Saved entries
====

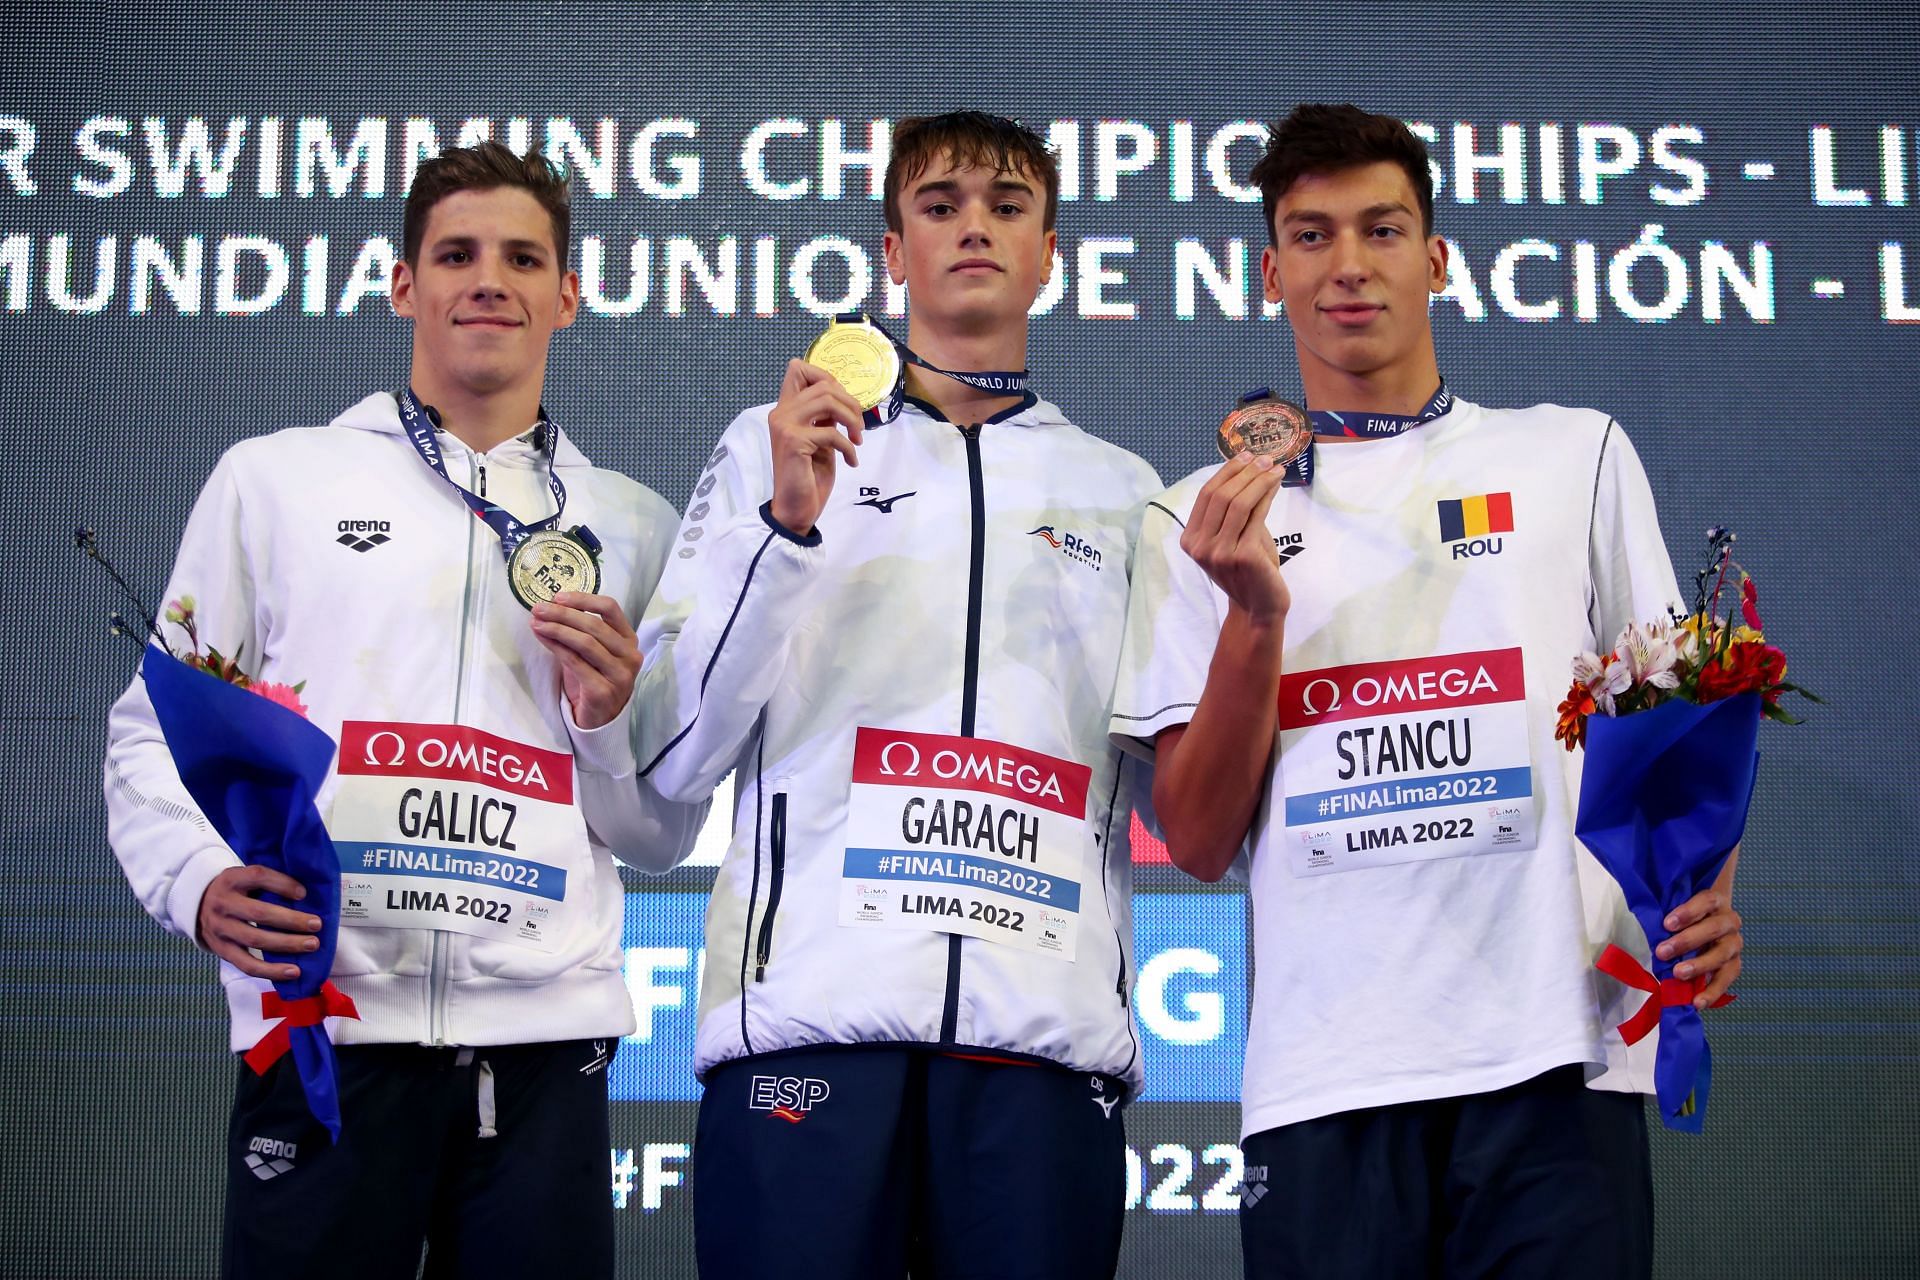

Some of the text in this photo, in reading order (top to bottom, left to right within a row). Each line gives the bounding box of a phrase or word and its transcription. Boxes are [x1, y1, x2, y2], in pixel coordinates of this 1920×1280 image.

[740, 117, 1710, 205] CHPIOHIPS
[1809, 124, 1920, 206] LI
[579, 235, 906, 319] UNIO
[1173, 223, 1776, 324] NACIÓN
[961, 375, 1003, 389] WORLD
[1367, 419, 1397, 433] FINA
[414, 429, 439, 466] LIMA
[859, 486, 881, 497] DS
[337, 519, 391, 533] arena
[1272, 532, 1303, 547] ena
[1064, 532, 1102, 564] Rfen
[1452, 537, 1503, 561] ROU
[1352, 665, 1499, 707] OMEGA
[417, 739, 549, 791] OMEGA
[1336, 717, 1473, 781] STANCU
[932, 750, 1065, 804] OMEGA
[1318, 776, 1499, 816] #FINALima2022
[398, 787, 518, 852] GALICZ
[902, 796, 1040, 864] GARACH
[1345, 826, 1409, 853] LIMA
[1412, 817, 1475, 844] 2022
[362, 849, 540, 889] #FINALima2022
[878, 855, 1053, 899] #FINALima2022
[386, 889, 513, 924] LIMA 2022
[901, 894, 1026, 932] LIMA 2022
[750, 1075, 830, 1111] ESP
[249, 1136, 297, 1160] arena

====

The answer should hold every entry exactly as given and no pictures at all.

Some of the text in this photo, in reading order (top to bottom, left to right within a row). Each line gives the bounding box of a phrase or word and its transcription. Boxes are [x1, y1, x2, y2], in pixel coordinates of this 1920×1280 image.

[740, 117, 1710, 205] CHPIOHIPS
[1809, 124, 1920, 206] LI
[579, 235, 906, 319] UNIO
[1173, 223, 1776, 324] NACIÓN
[961, 375, 1003, 389] WORLD
[1367, 419, 1397, 433] FINA
[414, 429, 439, 466] LIMA
[859, 486, 881, 497] DS
[337, 519, 391, 533] arena
[1272, 532, 1303, 547] ena
[1064, 532, 1102, 564] Rfen
[1452, 537, 1503, 561] ROU
[1352, 665, 1499, 707] OMEGA
[417, 739, 549, 791] OMEGA
[1336, 717, 1473, 781] STANCU
[932, 750, 1065, 804] OMEGA
[1318, 776, 1499, 816] #FINALima2022
[398, 787, 518, 852] GALICZ
[902, 796, 1040, 864] GARACH
[1345, 826, 1409, 853] LIMA
[1412, 817, 1475, 844] 2022
[362, 849, 540, 889] #FINALima2022
[878, 855, 1053, 899] #FINALima2022
[386, 889, 513, 924] LIMA 2022
[901, 894, 1026, 932] LIMA 2022
[750, 1075, 830, 1111] ESP
[249, 1136, 297, 1160] arena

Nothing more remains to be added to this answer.